I'm reading the Chronicles of Conan.

That is, all the Ron Howard Conan stories in about a thousand pages.

It's allright. I can see why Conan's a popular character.

I can also see how far the genre has moved since then. And I can tell you that, yes, Howard definitely got along with Lovecraft.

I tried to plow through that fictional history of Hyperborea and it kept on bringing up bloodlines and how Pure Blood Is Good!!!1

The Scarlet Citadel was actually pretty good, up until it essentially went, "And these fools went up against the men of Gunderland, whose tall grim-eyed pure blood was unstoppable!1!" Even then, it was allright after that.

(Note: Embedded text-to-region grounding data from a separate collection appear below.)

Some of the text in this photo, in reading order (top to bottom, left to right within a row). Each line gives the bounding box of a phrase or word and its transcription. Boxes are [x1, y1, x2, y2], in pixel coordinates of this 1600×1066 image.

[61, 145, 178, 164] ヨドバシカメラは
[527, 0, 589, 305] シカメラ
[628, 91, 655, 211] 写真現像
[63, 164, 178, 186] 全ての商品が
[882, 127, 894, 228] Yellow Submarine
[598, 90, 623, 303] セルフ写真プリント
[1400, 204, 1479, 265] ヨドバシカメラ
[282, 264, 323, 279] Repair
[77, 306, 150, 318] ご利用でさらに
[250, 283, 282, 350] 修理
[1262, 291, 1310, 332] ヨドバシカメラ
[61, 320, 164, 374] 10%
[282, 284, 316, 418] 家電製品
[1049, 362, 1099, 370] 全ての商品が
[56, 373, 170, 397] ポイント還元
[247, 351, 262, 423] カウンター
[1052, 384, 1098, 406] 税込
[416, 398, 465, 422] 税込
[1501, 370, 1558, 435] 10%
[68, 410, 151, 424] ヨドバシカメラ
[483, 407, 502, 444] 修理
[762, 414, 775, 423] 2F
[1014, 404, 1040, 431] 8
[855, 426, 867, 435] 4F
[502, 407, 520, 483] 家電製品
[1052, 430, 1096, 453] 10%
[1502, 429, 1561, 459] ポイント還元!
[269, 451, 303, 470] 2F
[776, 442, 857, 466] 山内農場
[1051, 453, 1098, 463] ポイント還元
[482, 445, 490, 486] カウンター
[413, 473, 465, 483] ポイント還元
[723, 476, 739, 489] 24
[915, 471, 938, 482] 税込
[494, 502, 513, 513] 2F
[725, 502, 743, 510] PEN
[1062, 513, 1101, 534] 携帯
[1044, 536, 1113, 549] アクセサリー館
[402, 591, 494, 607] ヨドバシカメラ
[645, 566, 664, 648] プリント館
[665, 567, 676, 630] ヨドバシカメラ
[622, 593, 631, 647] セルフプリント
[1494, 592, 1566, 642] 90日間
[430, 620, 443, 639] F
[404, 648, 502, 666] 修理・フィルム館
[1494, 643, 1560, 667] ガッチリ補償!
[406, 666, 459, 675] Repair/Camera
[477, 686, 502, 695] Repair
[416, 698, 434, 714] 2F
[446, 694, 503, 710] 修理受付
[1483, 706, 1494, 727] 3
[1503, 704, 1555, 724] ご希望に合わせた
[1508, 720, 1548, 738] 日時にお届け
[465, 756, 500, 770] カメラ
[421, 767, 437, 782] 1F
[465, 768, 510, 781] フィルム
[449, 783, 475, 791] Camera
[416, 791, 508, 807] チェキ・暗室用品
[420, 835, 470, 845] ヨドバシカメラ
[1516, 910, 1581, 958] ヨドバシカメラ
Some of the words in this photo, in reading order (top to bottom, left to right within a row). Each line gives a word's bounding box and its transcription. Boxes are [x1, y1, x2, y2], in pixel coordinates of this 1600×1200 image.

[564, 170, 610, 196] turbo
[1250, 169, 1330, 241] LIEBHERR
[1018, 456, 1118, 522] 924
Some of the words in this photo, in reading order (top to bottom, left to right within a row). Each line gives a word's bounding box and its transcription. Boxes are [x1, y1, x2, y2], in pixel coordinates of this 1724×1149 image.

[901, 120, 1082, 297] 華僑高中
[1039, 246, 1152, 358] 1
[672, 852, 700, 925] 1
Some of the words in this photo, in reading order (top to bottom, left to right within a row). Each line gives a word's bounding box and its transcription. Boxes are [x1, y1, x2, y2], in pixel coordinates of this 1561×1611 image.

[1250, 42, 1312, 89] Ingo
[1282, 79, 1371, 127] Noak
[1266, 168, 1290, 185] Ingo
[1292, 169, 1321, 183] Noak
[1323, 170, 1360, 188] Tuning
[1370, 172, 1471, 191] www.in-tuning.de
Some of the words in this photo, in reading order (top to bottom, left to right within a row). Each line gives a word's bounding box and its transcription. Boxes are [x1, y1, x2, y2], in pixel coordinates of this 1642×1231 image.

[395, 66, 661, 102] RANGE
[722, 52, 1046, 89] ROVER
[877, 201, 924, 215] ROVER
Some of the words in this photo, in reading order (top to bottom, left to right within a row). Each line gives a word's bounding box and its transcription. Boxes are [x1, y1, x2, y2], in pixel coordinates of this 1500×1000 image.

edit: Other bits of wisdom from Conan:

-Being tall and strong means Crom likes you and you win any fight against anyone who's stocky/wide-shouldered and strong.

-Being fat is a death sentence.

-No matter if you're good or evil, you will find exactly what or who you need in the most unlikely of circumstances.
Last edited by Maxus on Fri Apr 30, 2010 6:24 pm, edited 2 times in total.
He jumps like a damned dragoon, and charges into battle fighting rather insane monsters with little more than his bare hands and rather nasty spell effects conjured up solely through knowledge and the local plantlife. He unerringly knows where his goal lies, he breathes underwater and is untroubled by space travel, seems to have no limits to his actual endurance and favors killing his enemies by driving both boots square into their skull. His agility is unmatched, and his strength legendary, able to fling about a turtle shell big enough to contain a man with enough force to barrel down a near endless path of unfortunates.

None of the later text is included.